Collected data:

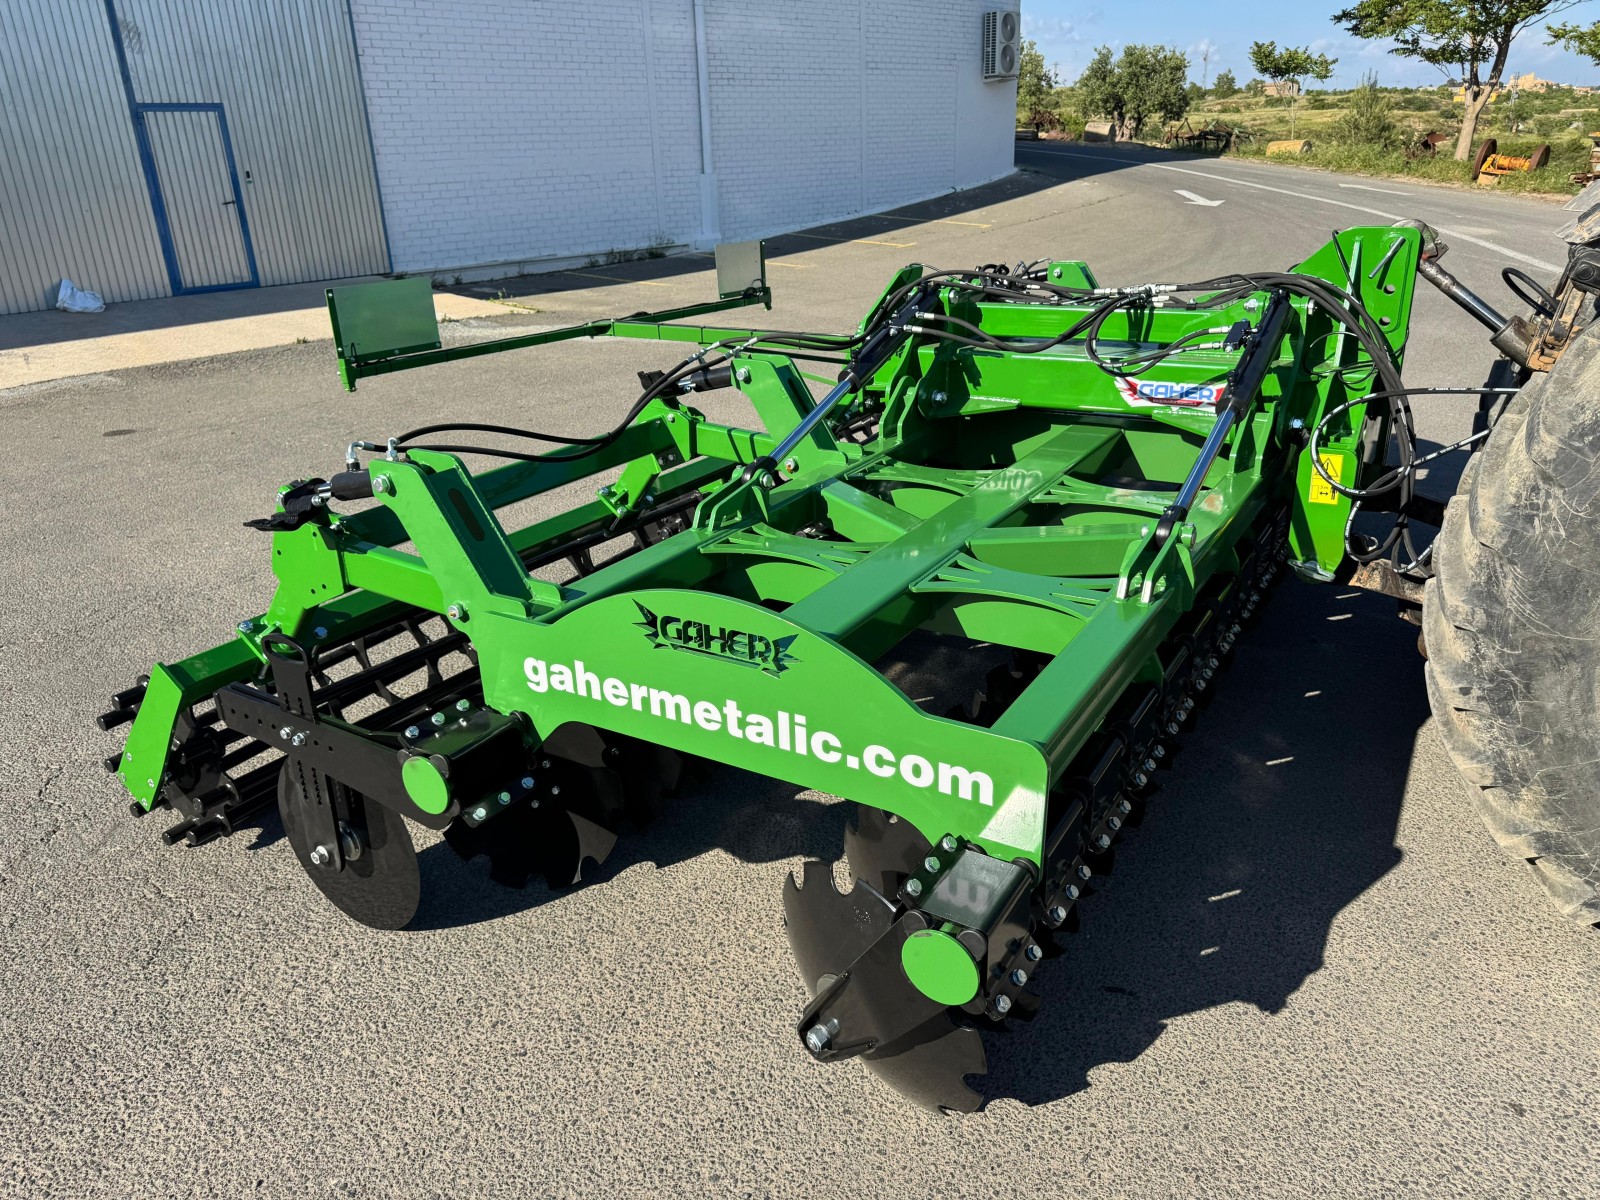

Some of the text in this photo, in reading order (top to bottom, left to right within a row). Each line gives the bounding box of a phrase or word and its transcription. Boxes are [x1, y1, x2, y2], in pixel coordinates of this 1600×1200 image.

[1139, 383, 1214, 401] GAHER
[660, 615, 771, 664] GAHER
[524, 657, 994, 806] gahermetalic.com
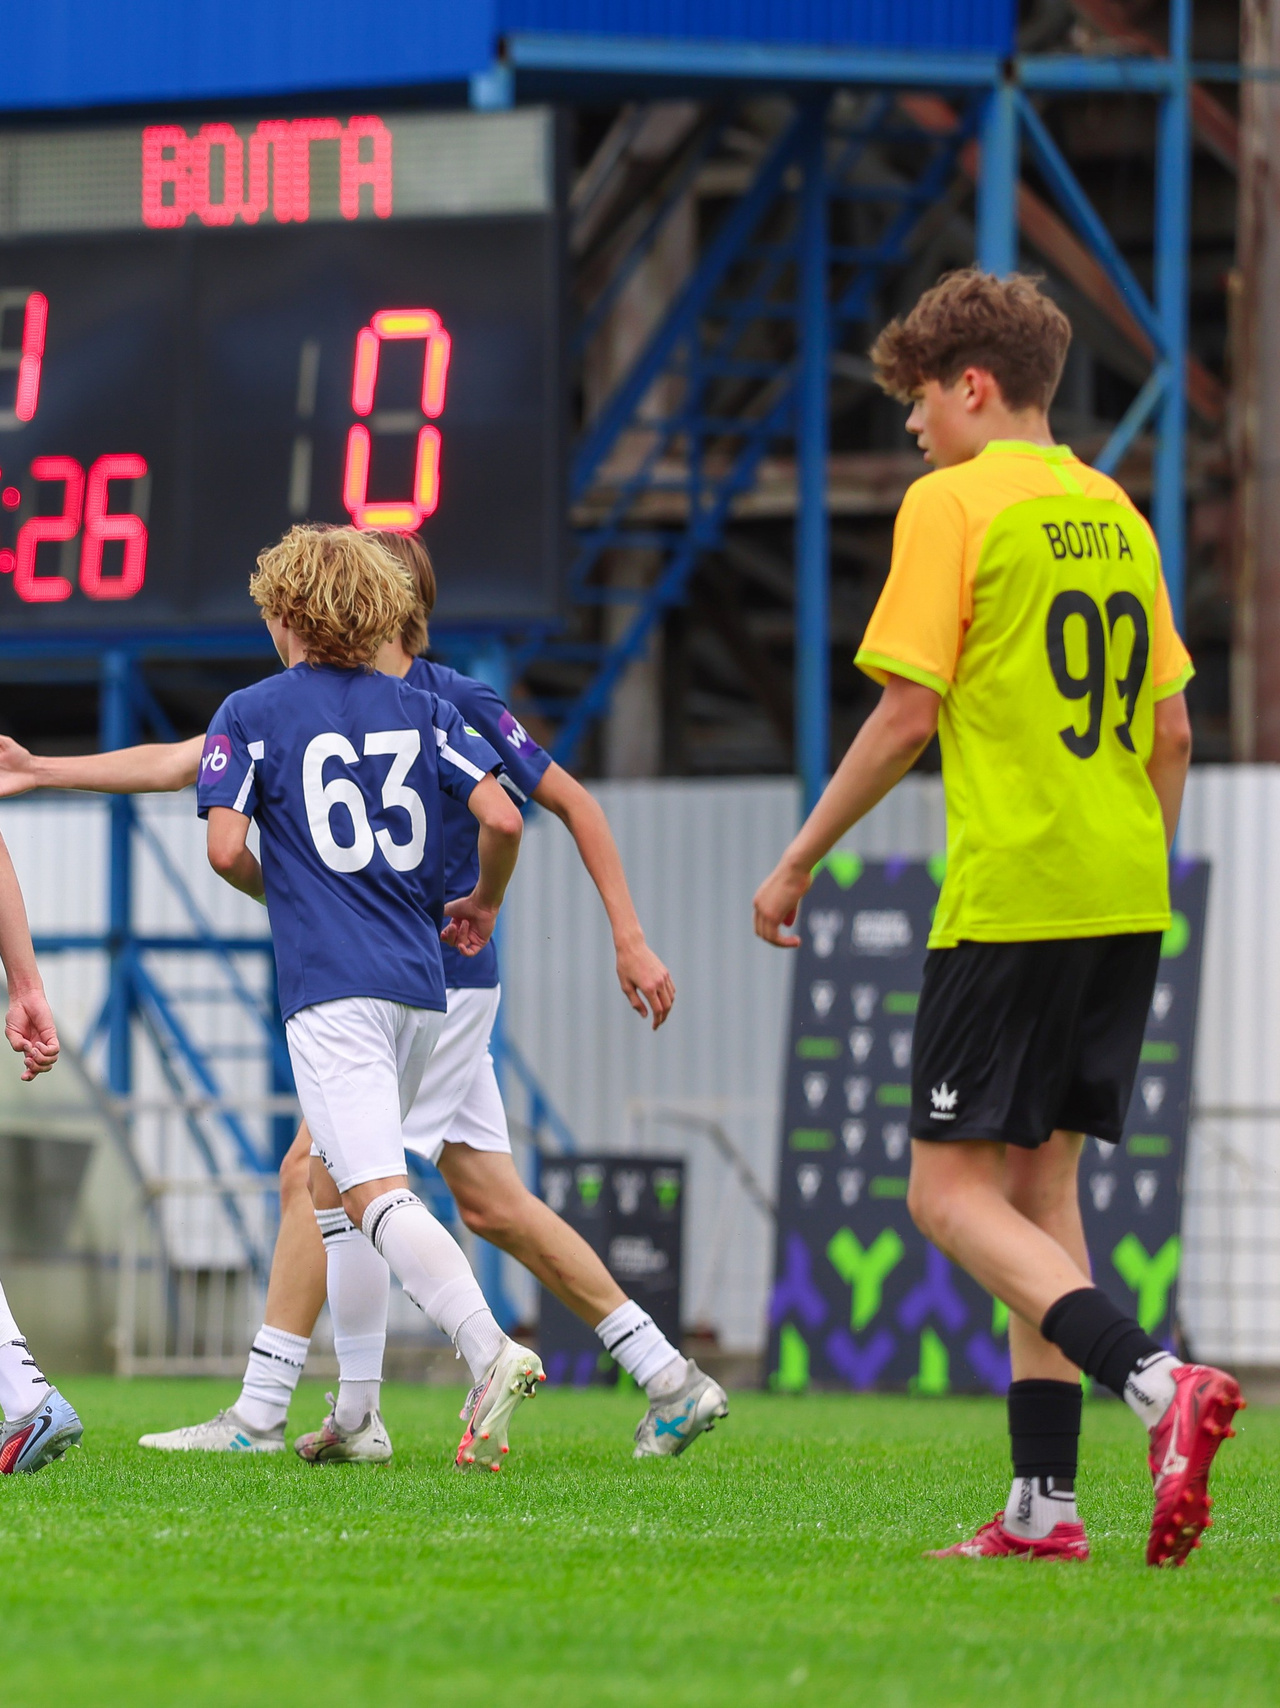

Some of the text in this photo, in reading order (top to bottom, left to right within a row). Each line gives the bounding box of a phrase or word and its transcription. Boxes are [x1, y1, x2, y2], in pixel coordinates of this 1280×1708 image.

[142, 115, 393, 229] ВОЛГА
[14, 292, 49, 422] 1
[342, 308, 452, 531] 0
[1041, 520, 1134, 562] ВОЛГА
[1045, 589, 1150, 761] 99
[302, 728, 427, 874] 63

What you are asked to do
When you copy the entries, keep every word exactly as it stands and drop any pictures.

Problem solution
Some of the text in this photo, in reading order (top to bottom, left to right within a row). Each line gives the bounding box of a phrase or word and its transcription. Boxes are [x1, y1, x2, y2], in pixel coordinates of this 1600×1200 image.

[1139, 383, 1214, 401] GAHER
[660, 615, 771, 664] GAHER
[524, 657, 994, 806] gahermetalic.com

Some of the text in this photo, in reading order (top to bottom, left to right within a row). Each line gives the bounding box of a phrase or word and its transcription. Boxes are [x1, y1, x2, y2], in pixel coordinates of this 1280×1708 image.

[142, 115, 393, 229] ВОЛГА
[14, 292, 49, 422] 1
[342, 308, 452, 531] 0
[1041, 520, 1134, 562] ВОЛГА
[1045, 589, 1150, 761] 99
[302, 728, 427, 874] 63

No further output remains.